Referida decisão irá definir se a inconstitucionalidade tem efeitos ex tunc (regra geral), o que garantiria a todos os contribuintes o direito de recuperar os valores indevidamente recolhidos nos últimos cinco anos, ou se, excepcionalmente, esse direito será limitado.
Nosso sistema pauta-se na supremacia absoluta da Constituição Federal. Como consequência, toda norma inconstitucional teria que ser extirpada do ordenamento jurídico desde seu nascedouro, com efeitos ex tunc (tudo: passado, presente e futuro).
O atual contexto político-econômico levará os ministros do Supremo a ignorar a melhor técnica jurídica
O STF julgou desta forma a maioria das teses tributárias. Exemplos: exclusão do ICMS da base de cálculo da Cofins-Importação (RE 559.937 em 09/2014); Funrural (RE 596.177 em 08/2011); Finsocial (RE 363.852 em 02/2010); Cofins profissão regulamentada (RE 377.457 em 09/2008); IPTU progressividade (AI 557.237 em 09/2007); e IPI alíquota zero (RE 353.657 em 06/2007).
Por razões de segurança jurídica, excepcional interesse social ou mudança repentina da jurisprudência consolidada, o STF já admitiu a modulação ex tunc mitigada (repetição somente para quem tinha ação judicial) em duas teses tributárias: ICMS/ST – base de cálculo inferior à presumida (RE 593.849 em 10/2016) e prescrição das contribuições previdenciárias (Súmula Vinculante 8 em 06/2008).
Pelos mesmos motivos, o STF decidiu pela eficácia ex nunc (da decisão em diante) em matéria tributária, no precedente ICMS- benefícios fiscais concedidos sem convênio prévio (Adin 4481 em 03/2015), com efeitos a contar da data da sessão de julgamento.
A situação mais drástica, pro futuro, permitida por idênticos motivos, ocorreu na tese tributária ICMS combustíveis (Adin 4171 em 05/2015), em que o STF decidiu que a inconstitucionalidade somente valeria a partir de seis meses contados da publicação do acórdão. Outro caso interessante foi o dos precatórios (Adins 4357 e 4425 em 03/2015), em que foi dada sobrevida ao regime inconstitucional por cinco exercícios financeiros.
Analisando-se em detalhe esses precedentes é possível arriscar um palpite.
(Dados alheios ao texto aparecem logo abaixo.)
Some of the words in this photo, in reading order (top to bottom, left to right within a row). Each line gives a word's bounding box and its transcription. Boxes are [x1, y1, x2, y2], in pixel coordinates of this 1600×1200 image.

Quanto às questões processuais: o recurso será conhecido, pois quase a totalidade dos ministros aceita a modulação via embargos de declaração. Todos poderão votar, inclusive o ministro Alexandre de Moraes, que não participou do julgamento de mérito. A decisão será por maioria de votos, vencido o ministro Marco Aurélio que é, por princípio, contrário à modulação.
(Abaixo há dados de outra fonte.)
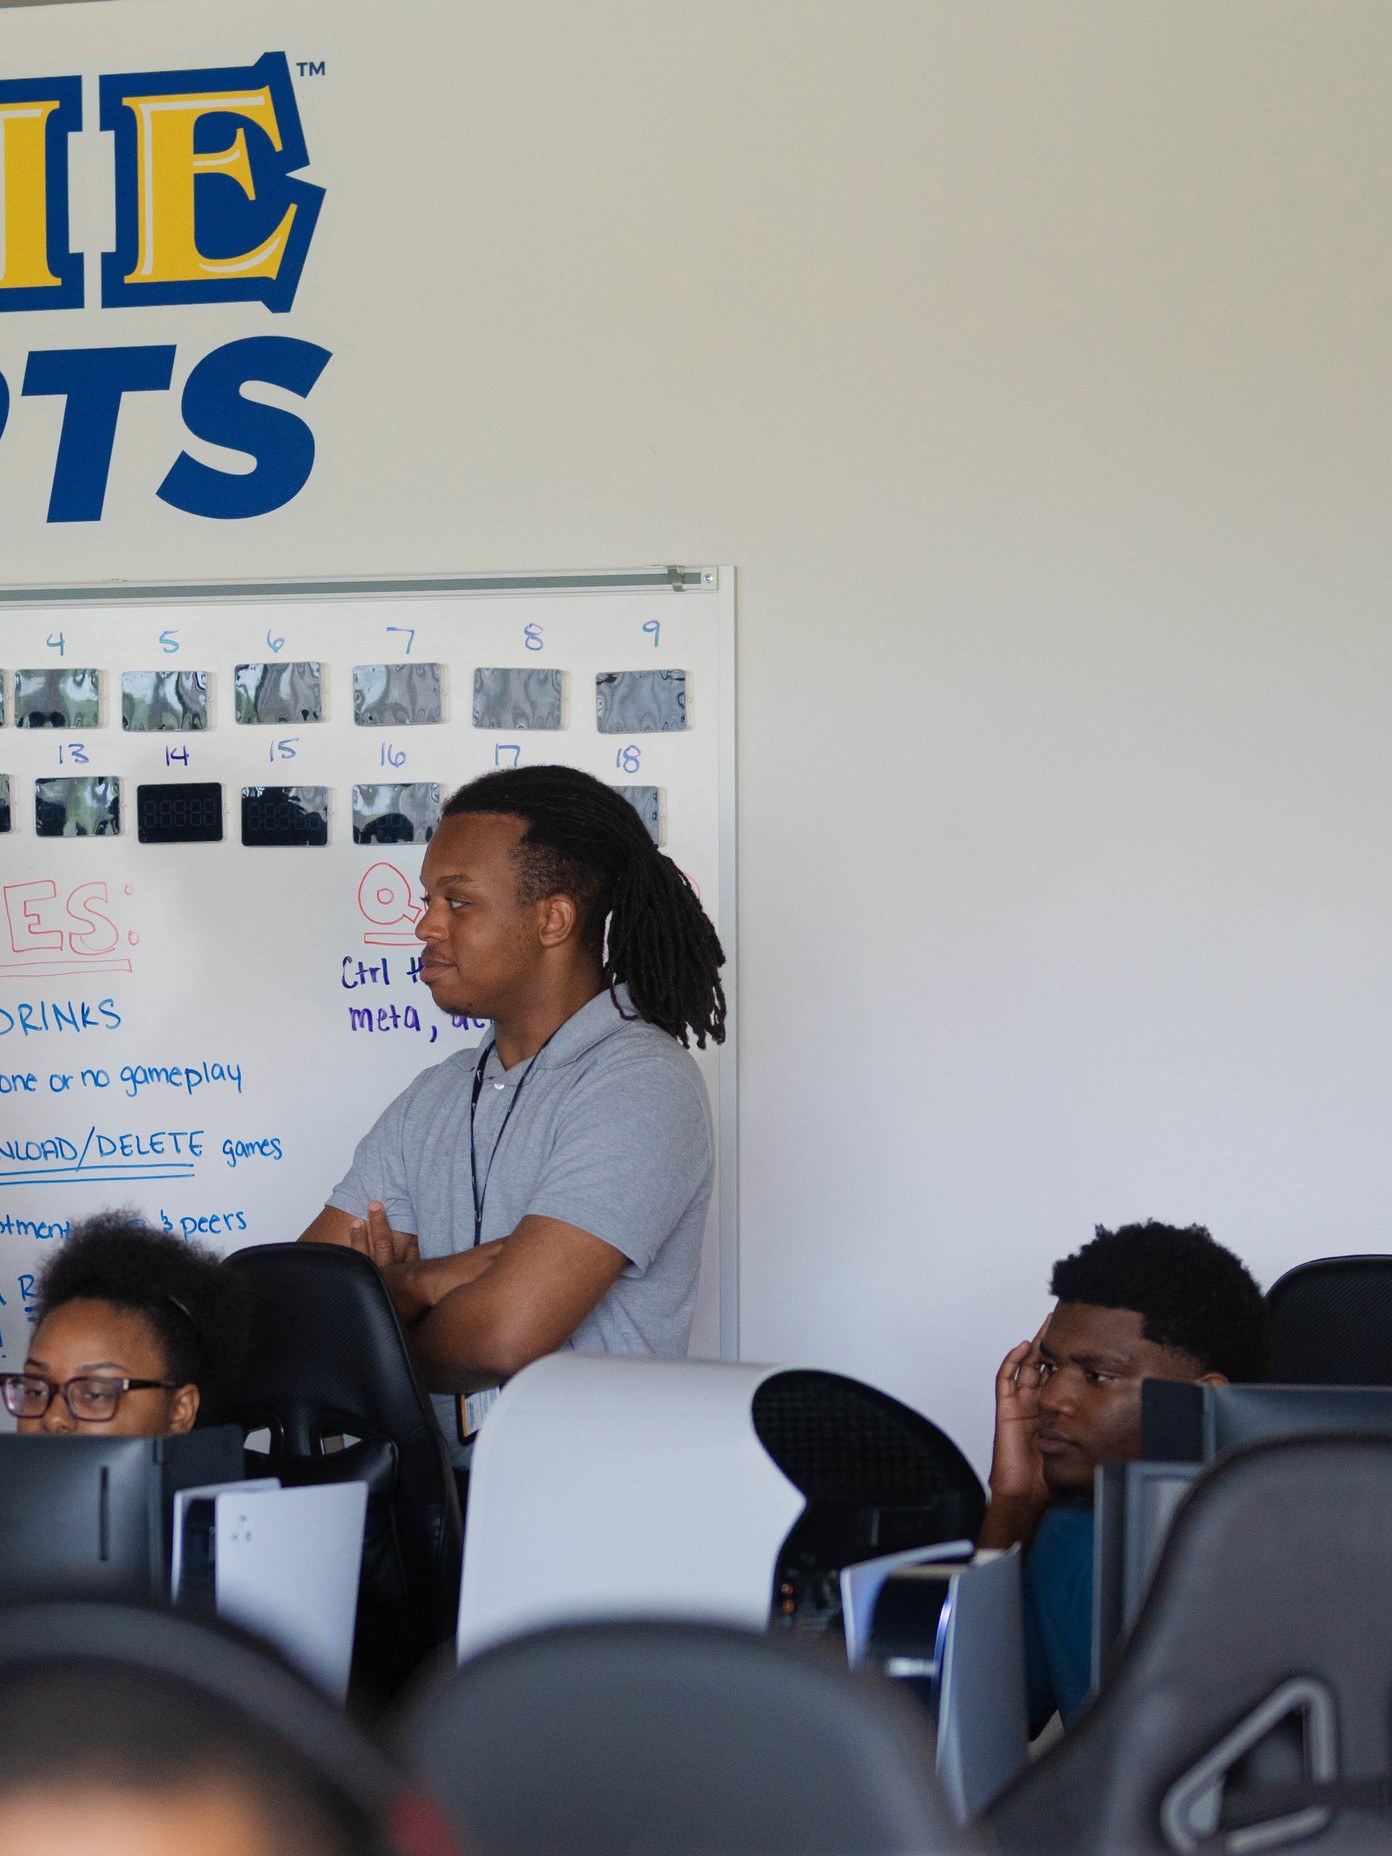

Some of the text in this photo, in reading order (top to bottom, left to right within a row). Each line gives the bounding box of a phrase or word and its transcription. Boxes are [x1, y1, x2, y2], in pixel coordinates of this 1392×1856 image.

Quanto ao mérito: o contexto político-econômico atual levará os ministros a "ignorar" a melhor técnica jurídica e decidir em favor da modulação, provavelmente na modalidade ex tunc mitigada, apesar de não estarem presentes os requisitos legais para tanto, já que: a) o critério econômico-financeiro não equivale ao "excepcional interesse social"; b) a segurança jurídica exige a rejeição da modulação; c) não houve mudança de jurisprudência, pois o único caso julgado antes (RE 240.785) foi no mesmo sentido desta decisão e a existência de súmula contrária do STJ não implica "virada jurisprudencial" para efeito de modulação no STF.
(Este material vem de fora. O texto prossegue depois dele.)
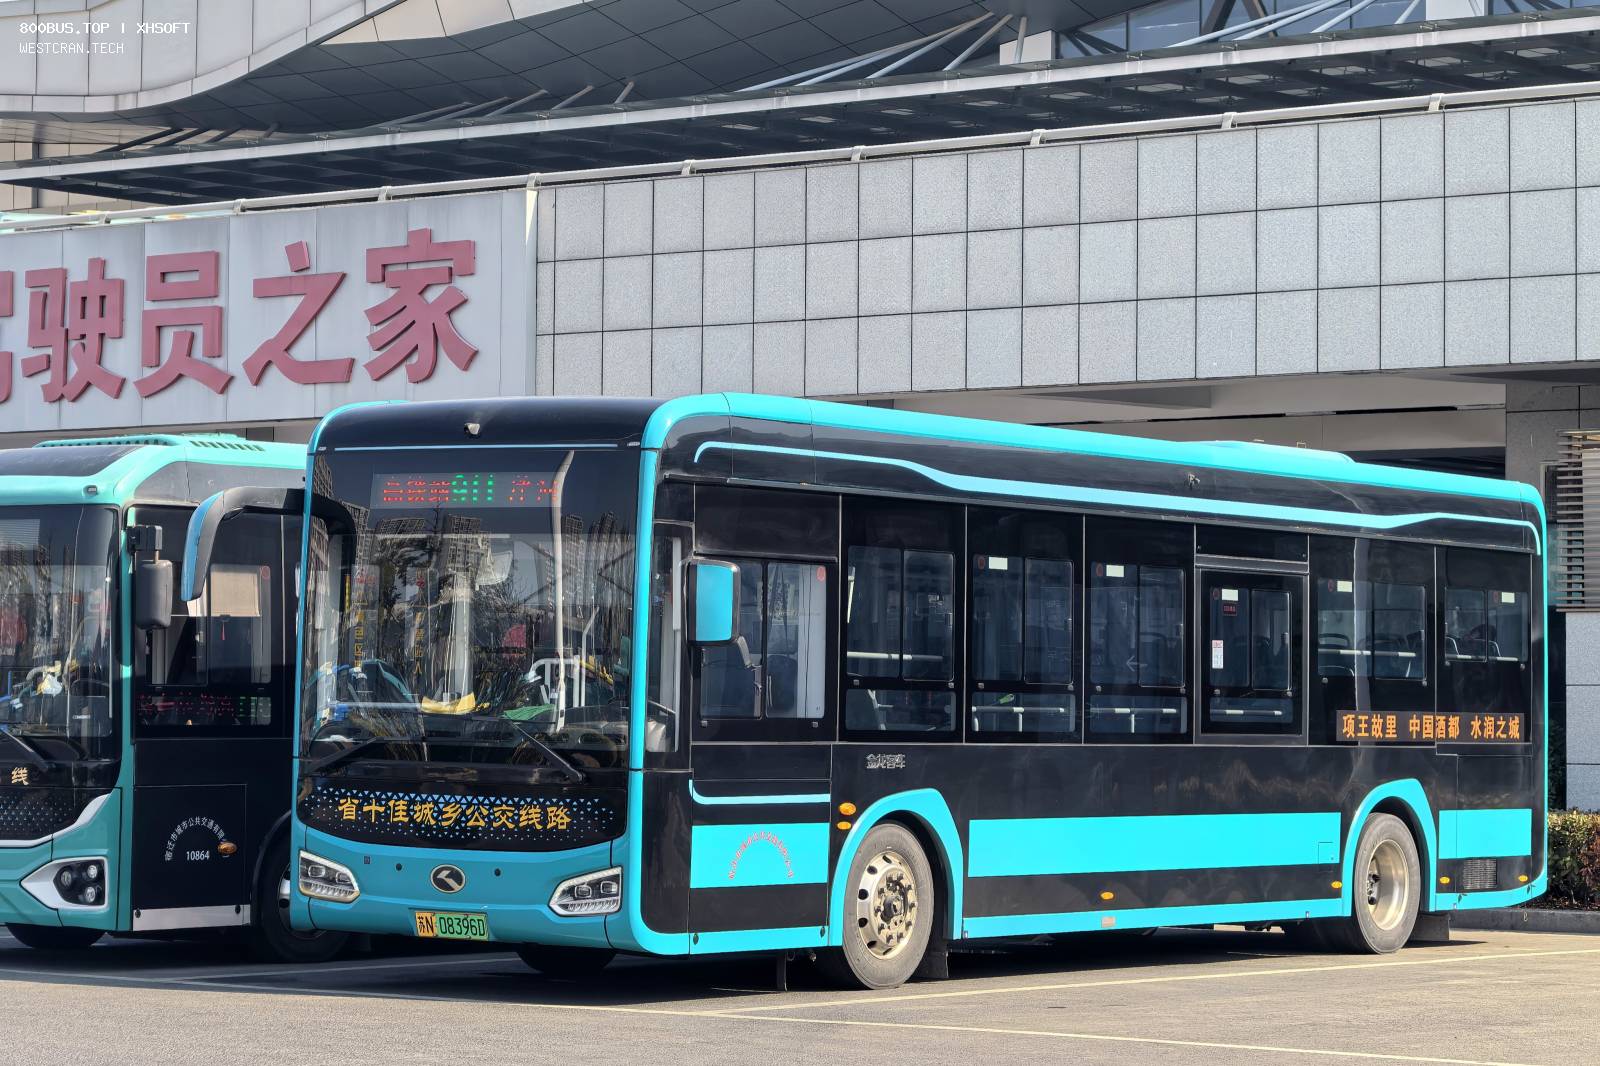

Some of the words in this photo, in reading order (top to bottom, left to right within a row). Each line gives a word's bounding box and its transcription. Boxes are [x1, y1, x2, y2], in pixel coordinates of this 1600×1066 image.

A despeito da crise do país e dos números astronômicos apontados pelo governo como "rombo" que será causado nas contas públicas, acredita-se que os ministros não admitirão a modulação pro futuro, pleiteada pela Fazenda Nacional para que a inconstitucionalidade surta efeitos a contar de janeiro de 2018, vez que isso implicaria o esvaziamento dos institutos tributários da repetição de indébito e da prescrição; violaria o direito adquirido dos contribuintes que tinham ação ajuizada antes do julgamento e implicaria tratamento anti-isonômico, por tratar da mesma forma os contribuintes que buscaram seus direitos no Judiciário e os que ficaram inertes.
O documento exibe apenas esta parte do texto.